For the paranoid: deleting Flash local storage objects

Posted on Thu 30 October 2008 in misc

I'm reasonably careful about the cookies I accept from Web sites - I don't want companies to be able to track every site I visit, for example, so that they can build a nice little profile about me. It's for the protection of the companies more than anything else: someone there might die of extreme boredom following the trail of "Evergreen", "Linux Weekly News", "Python docs"...

However, I recently learned about Flash "local storage objects" (LSO), which are similar to browser cookies but capable of storing much richer information and also completely inscrutable in terms of the effectiveness of Adobe's security model. Is Flash really capable of preventing a Flash application running on microsoft.com from accessing an LSO from mail.google.com? I certainly don't know, and as Flash is a closed-source application it's hard for anyone except for the developers at Adobe to know--but I bet there are people extremely motivated to find out. (Insert obligatory "See? Closed source sucks!" comment here.)
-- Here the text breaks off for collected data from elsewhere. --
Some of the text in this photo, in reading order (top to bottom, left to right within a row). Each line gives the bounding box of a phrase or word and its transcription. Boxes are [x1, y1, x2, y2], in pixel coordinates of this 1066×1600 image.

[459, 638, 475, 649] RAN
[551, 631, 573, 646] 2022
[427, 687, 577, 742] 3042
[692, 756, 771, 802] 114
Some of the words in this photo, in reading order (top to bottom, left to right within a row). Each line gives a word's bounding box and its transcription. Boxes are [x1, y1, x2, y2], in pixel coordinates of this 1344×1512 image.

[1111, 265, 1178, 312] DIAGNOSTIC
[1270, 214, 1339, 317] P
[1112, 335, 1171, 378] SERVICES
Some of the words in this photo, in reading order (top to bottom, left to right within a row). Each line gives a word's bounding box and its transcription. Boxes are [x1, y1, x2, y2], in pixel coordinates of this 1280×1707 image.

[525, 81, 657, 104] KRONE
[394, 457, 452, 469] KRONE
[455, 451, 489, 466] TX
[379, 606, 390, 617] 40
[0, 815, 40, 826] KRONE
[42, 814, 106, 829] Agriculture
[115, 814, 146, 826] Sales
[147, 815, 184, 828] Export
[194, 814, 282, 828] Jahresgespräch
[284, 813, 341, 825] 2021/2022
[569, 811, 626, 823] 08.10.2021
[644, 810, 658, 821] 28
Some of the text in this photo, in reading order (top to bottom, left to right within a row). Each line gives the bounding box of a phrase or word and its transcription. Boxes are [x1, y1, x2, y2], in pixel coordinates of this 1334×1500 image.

So, in my crude attempt to prevent too much garbage accumulating due to the occasional YouTube video or NBC Saturday Night Live skit that I might watch, I've added the following rules to my cron entries to delete my entire set of LSOs every four hours:

5 ∗/4 ∗ ∗ ∗ rm -fr /home/dan/.macromedia/Flash_Player/#SharedObjects 5 ∗/4 ∗ ∗ ∗ rm -fr /home/dan/.macromedia/Flash_Player/macromedia.com/support/flashplayer/sys/

You Windows users can probably do something similar, but I haven't bothered to track that down yet. Sorry.